SEO – Content Gap Analysis on Massive Sites

|

Let’s do some SEO. ?️‍♂️

Recently we were requested to provide a content gap analysis for a website containing over 1.8 million indexed pages in Google.

I know what you’re thinking.

Holy SH*T.

Try exporting keyword rankings, top URLs, parent topics, etc. out of Ahrefs with an Agency plan.

Good luck.

That wasn’t going to work.

In the enterprise field, simple requests like…

“Would you provide a content gap?  We’re out of ideas.”

Turns into hours of rabbit-holing through different scenarios.

Check out this sweet diagram I made for visual reference.

Because of this, we’re constantly testing new variables, strategies, techniques, and variations of our current processes.

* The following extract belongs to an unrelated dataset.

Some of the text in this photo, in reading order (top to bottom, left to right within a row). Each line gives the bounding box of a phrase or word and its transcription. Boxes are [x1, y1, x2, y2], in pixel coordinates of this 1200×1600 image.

Things become… ridiculously efficient.

It’s a beautiful thing, my heart flutters just thinking about it which is why I wanted to share this with you all.

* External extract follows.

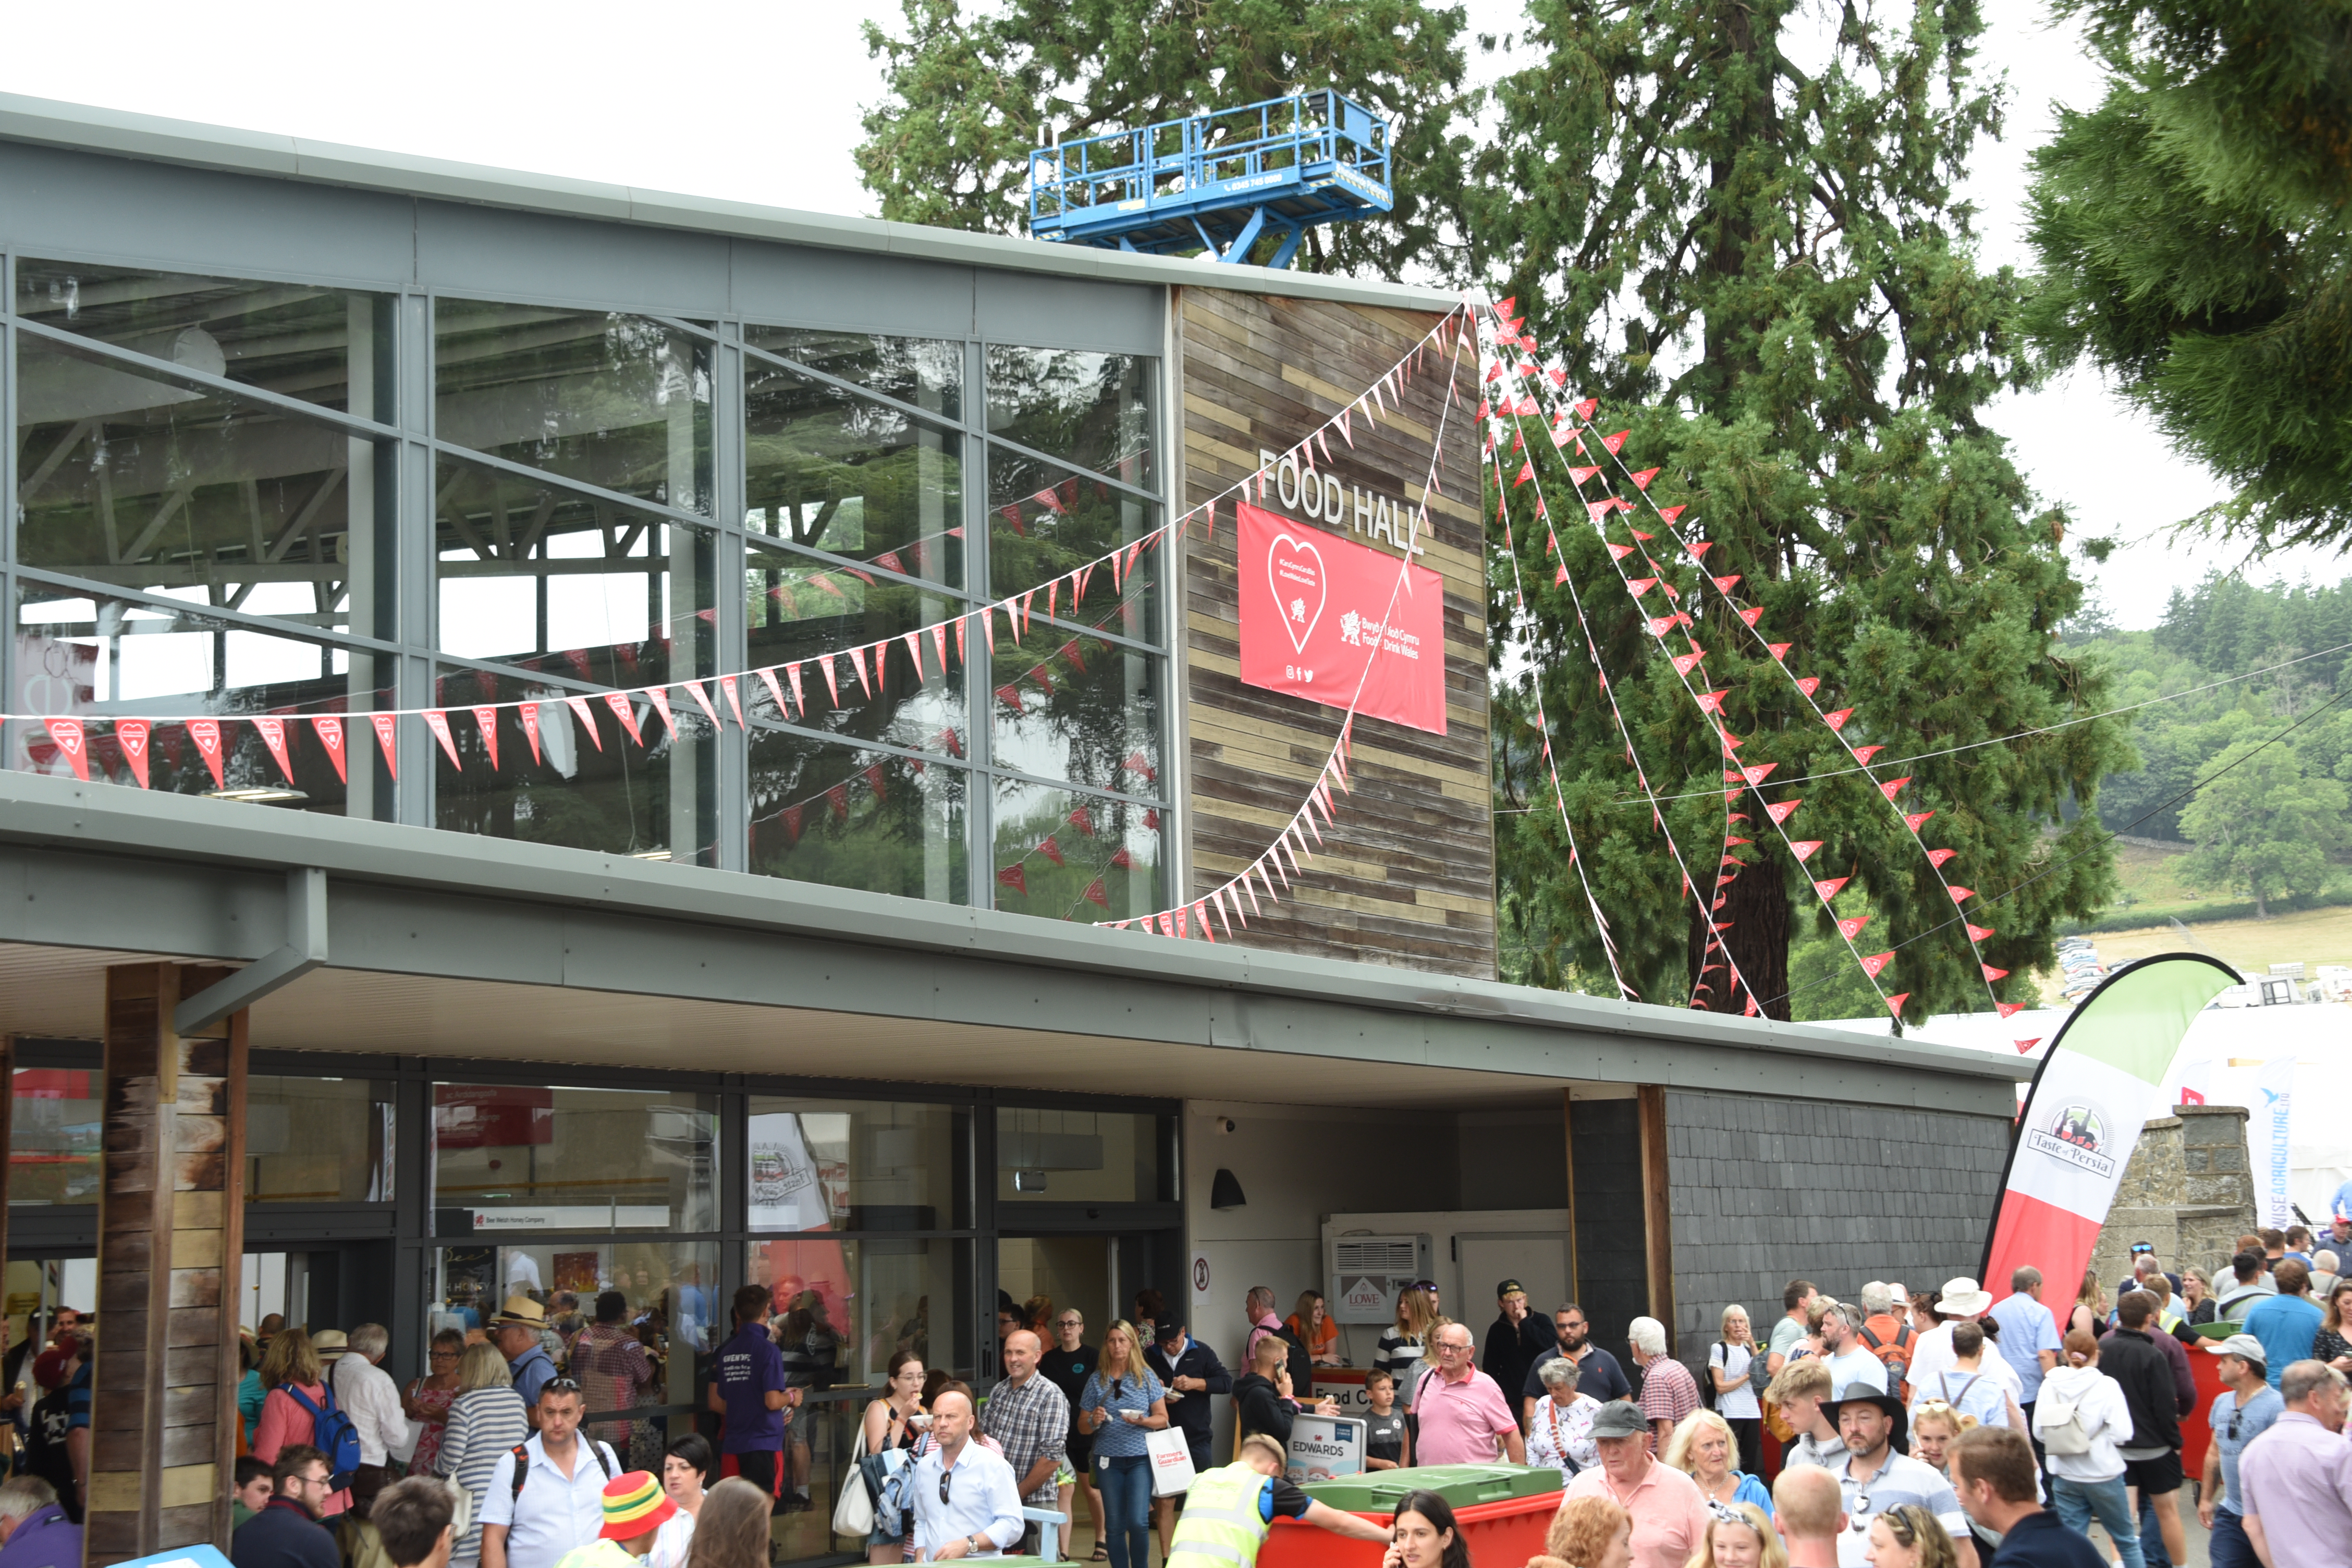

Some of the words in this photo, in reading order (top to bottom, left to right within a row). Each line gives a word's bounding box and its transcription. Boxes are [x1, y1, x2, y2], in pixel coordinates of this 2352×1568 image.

Enterprise-Level Difficulties

The number one issues you’re going to face in an enterprise-level environment is the large scale of difficulty in data interpretation.

Some things won’t necessarily be difficult as a concept, like a simple content-gap analysis.

For a 1,000 page blog, I could simply open Ahrefs, plug in some competing domains, and run the content gap there.

Ahrefs would tell me everything that these competitors are ranking for that my clients site isn’t.

Done.

It would take me 15-20 minutes tops, but that doesn’t always work.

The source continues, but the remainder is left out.